La Commission internationale de juristes (CIJ) a aujourd’hui adressé aux autorités tunisiennes une intervention dans laquelle la CIJ exprime ses préoccupations sur le climat délétère régnant en Tunisie à l’encontre des avocats. Depuis le mois de mars 2005, la multiplication des attaques contre les avocats et les tentatives d’interférences dans le fonctionnement du barreau tunisien sont des plus préoccupantes et portent gravement préjudice au bon fonctionnement de la justice, laquelle repose sur l’existence d’une magistrature et d’un barreau indépendants.

Le 20 mai 2005

M. Béchir Tekkari
Ministre de la justice et des droits de l’homme
31 Av. Bab Benat,
1006 Tunis – La Kasbah
Tunisie

Fax : +216 71 568 106

Monsieur le Ministre,

La Commission internationale de juristes (CIJ) est une organisation non gouvernementale oeuvrant pour la défense de l’état de droit et la protection des droits de l’homme et est composée d’éminents juristes issus des différentes régions et traditions juridiques dans le monde. Notre organisation est gravement préoccupée par le climat délétère régnant en Tunisie à l’encontre des avocats. Depuis le mois de mars 2005, la multiplication des attaques contre les avocats et les tentatives d’interférences dans le fonctionnement du barreau tunisien sont des plus préoccupantes et portent gravement préjudice au bon fonctionnement de la justice, laquelle repose sur l’existence d’une magistrature et d’un barreau indépendants.

Notre organisation a exprimé à de nombreuses reprises son inquiétude suite à l’arrestation arbitraire de Me Mohammed Abbou, avocat et membre d’organisations de défense des droits de l’homme en Tunisie, survenue le 1er mars 2005 puis sa condamnation le 28 avril à trois ans et demi de prison ferme dans deux affaires distinctes jugées le même jour. [1] Ainsi, Me Abbou a été condamné à un an et demi de prison pour avoir légitimement exercé son droit à la liberté d’expression et à deux ans pour l’agression d’une consoeur, cette condamnation reposant sur de simples allégations dont la véracité n’a pas été démontrée. L’observateur judiciaire mandaté par notre organisation au procès de Me Abbou qui s’est tenu le 28 avril 2005 a constaté de graves irrégularités lors de l’audience et a conclu que Me Abbou n’avait pas bénéficié des normes élémentaires d’un procès équitable par un tribunal compétent, indépendant et impartial établi par la loi. La CIJ réitère ses appels à la libération immédiate de Me Abbou dans l’affaire relative à l’exercice de la liberté d’expression et le droit de Me Abbou de bénéficier d’un nouveau jugement respectueux du droit à un procès équitable par un tribunal compétent, indépendant et impartial, y compris le droit de faire examiner par une juridiction supérieure la déclaration de culpabilité et les droits de la défense.

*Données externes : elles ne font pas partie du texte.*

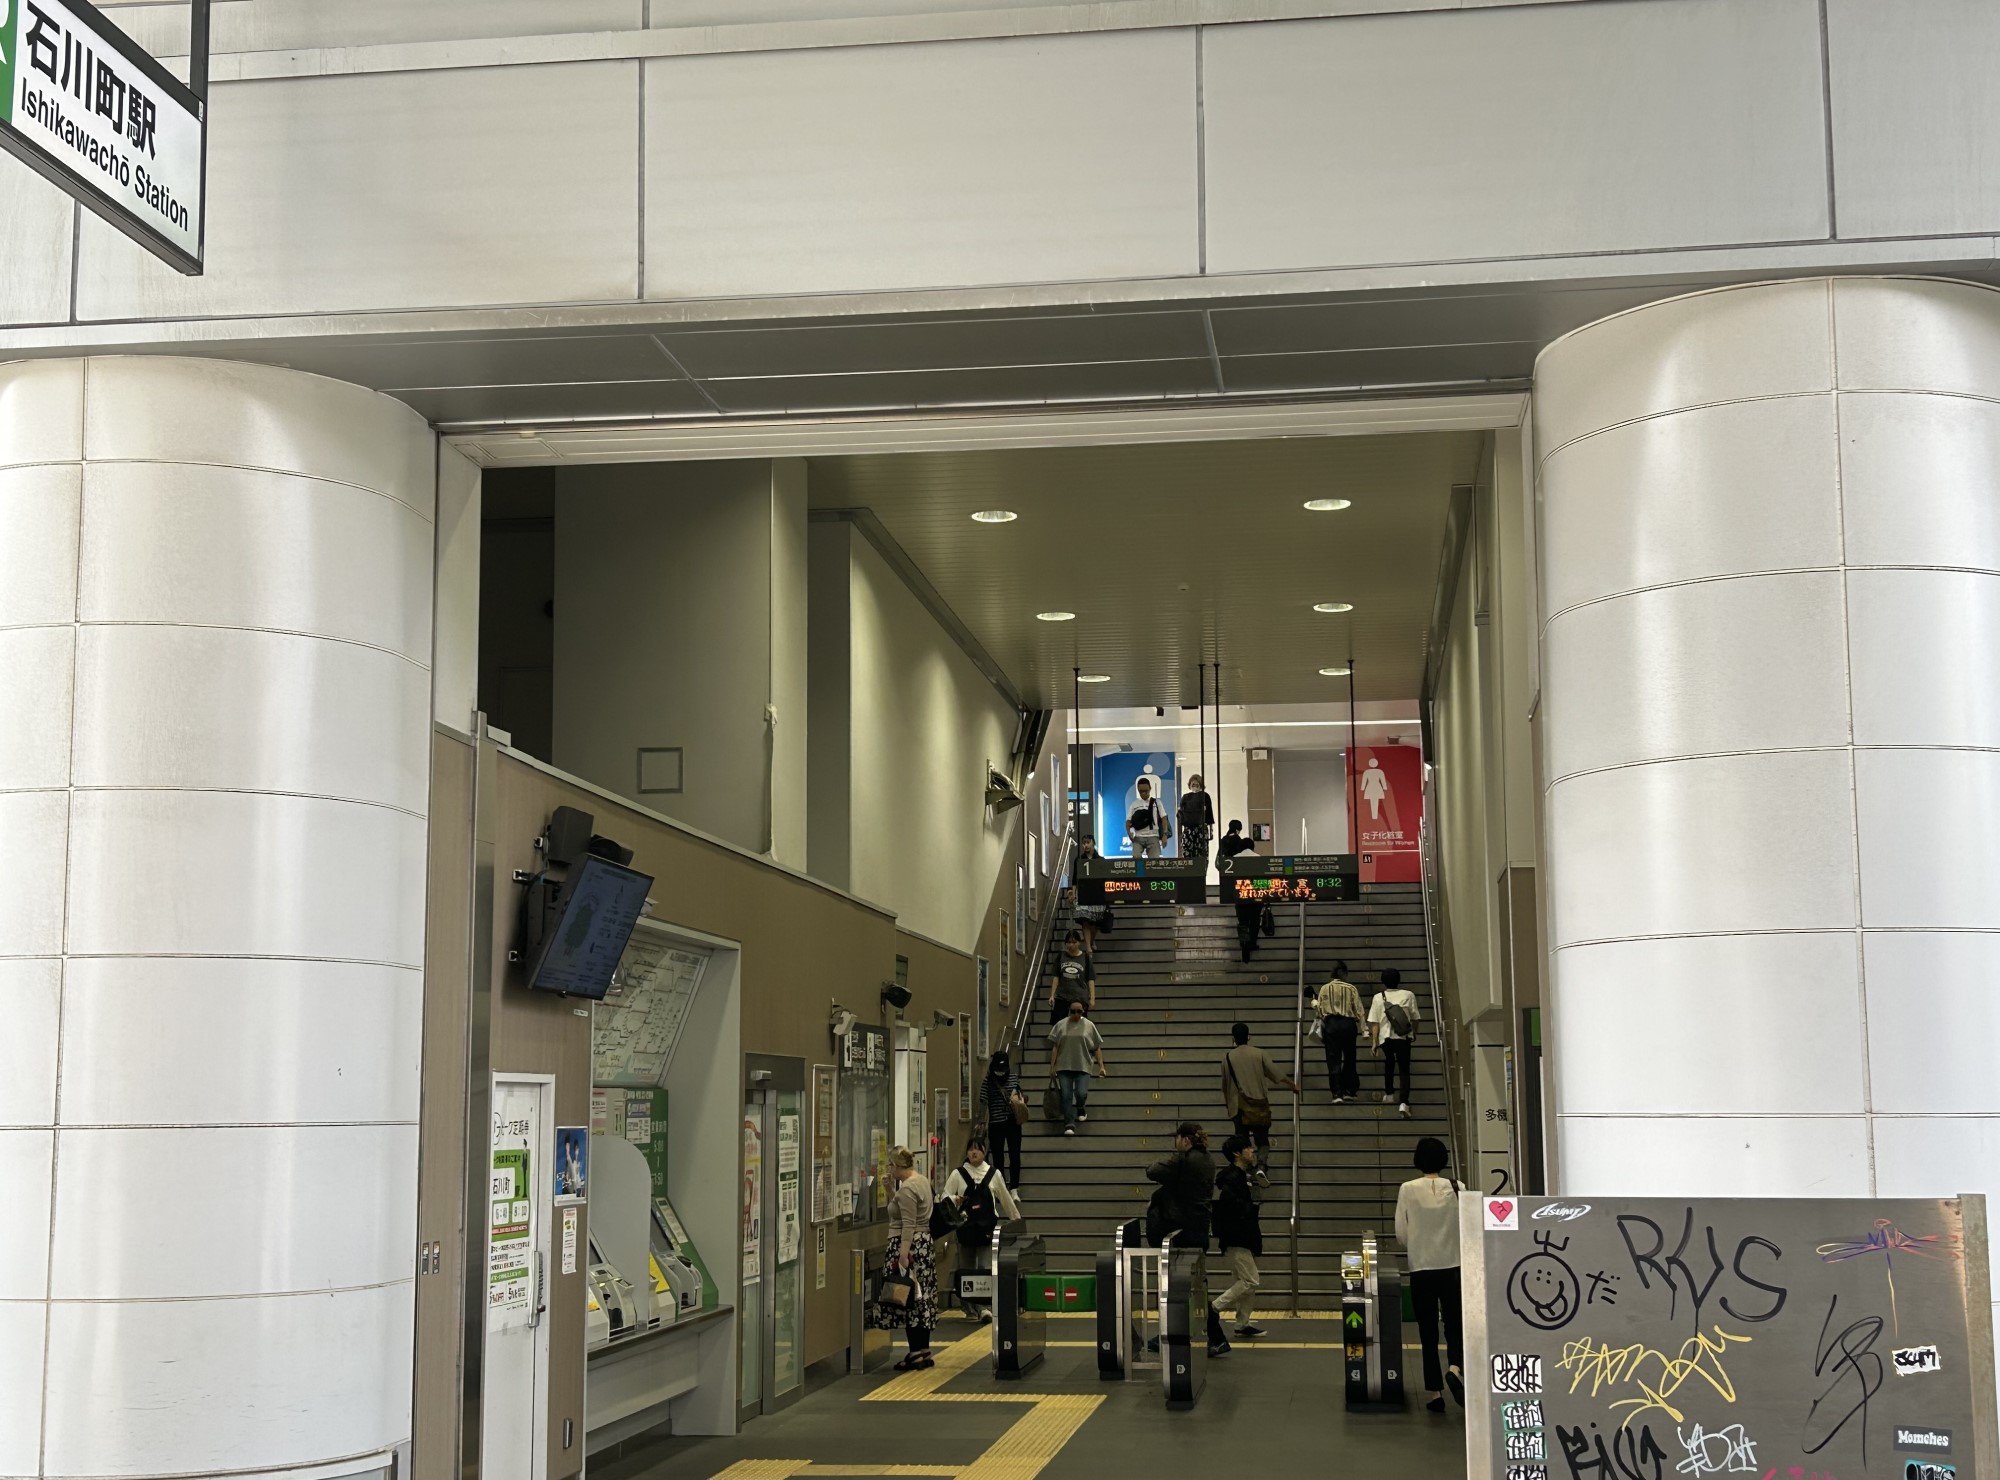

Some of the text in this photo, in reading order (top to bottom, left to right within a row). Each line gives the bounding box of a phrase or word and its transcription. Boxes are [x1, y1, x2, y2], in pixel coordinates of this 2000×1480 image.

[26, 3, 156, 160] 石川町駅
[21, 77, 188, 231] Ishikawachō Station
[1083, 861, 1090, 876] 1
[1224, 859, 1234, 874] 2
[1150, 880, 1175, 891] 8:30
[1316, 877, 1342, 888] 8:32
[1490, 1168, 1509, 1195] 2
[1897, 1430, 1949, 1447] Momches

Nous nous voyons dans l’obligation d’intervenir à nouveau auprès de vos autorités face à la détérioration croissante de la situation des avocats en Tunisie depuis l’arrestation de Me Abbou, marquée par l’arrestation et la condamnation de Me Faouzi Ben Mrad, les entraves à l’exercice de la profession d’avocat de Me Ayadi, Ben Amor, Nasraoui et Hammami, avocats de Me Abbou, et le développement des plus préoccupants que représente la publication par le Conseil supérieur de la Magistrature d’un communiqué rappelant à l’ordre les avocats tunisiens.

En effet, la CIJ s’inquiète de l’arrestation de Me Faouzi Ben Mrad le 3 mai 2005 suite à une altercation avec le juge du tribunal de Grombalia. Me Ben Mrad a été jugé et condamné séance tenante à 4 mois de prison ferme pour outrage à magistrat. Cette condamnation en un temps record laisse craindre que les droits de la défense de Me Ben Mrad n’ont pas été dûment respectés, une crainte justifiée lorsqu’on constate le manque de proportionnalité de la sentence pour un délit d’outrage à magistrat.

Concernant la condamnation de Me Faouzi Ben Mrad, la CIJ rappelle à vos autorités que conformément aux obligations internationales de la Tunisie en vertu du Pacte international relatif aux droits civils et politiques, Me Ben Mrad est en droit de bénéficier du droit à un procès équitable par un tribunal compétent, indépendant et impartial, établi par la loi et doit entre autres bénéficier du droit de faire examiner par une juridiction supérieure la déclaration de culpabilité et la condamnation, conformément à la loi (article 14 § 5). De même, le principe 27 des Principes de bases relatifs au rôle du barreau rappelle que tout avocat a droit à ce que sa cause soit entendue équitablement et peut être assisté par un avocat de son choix.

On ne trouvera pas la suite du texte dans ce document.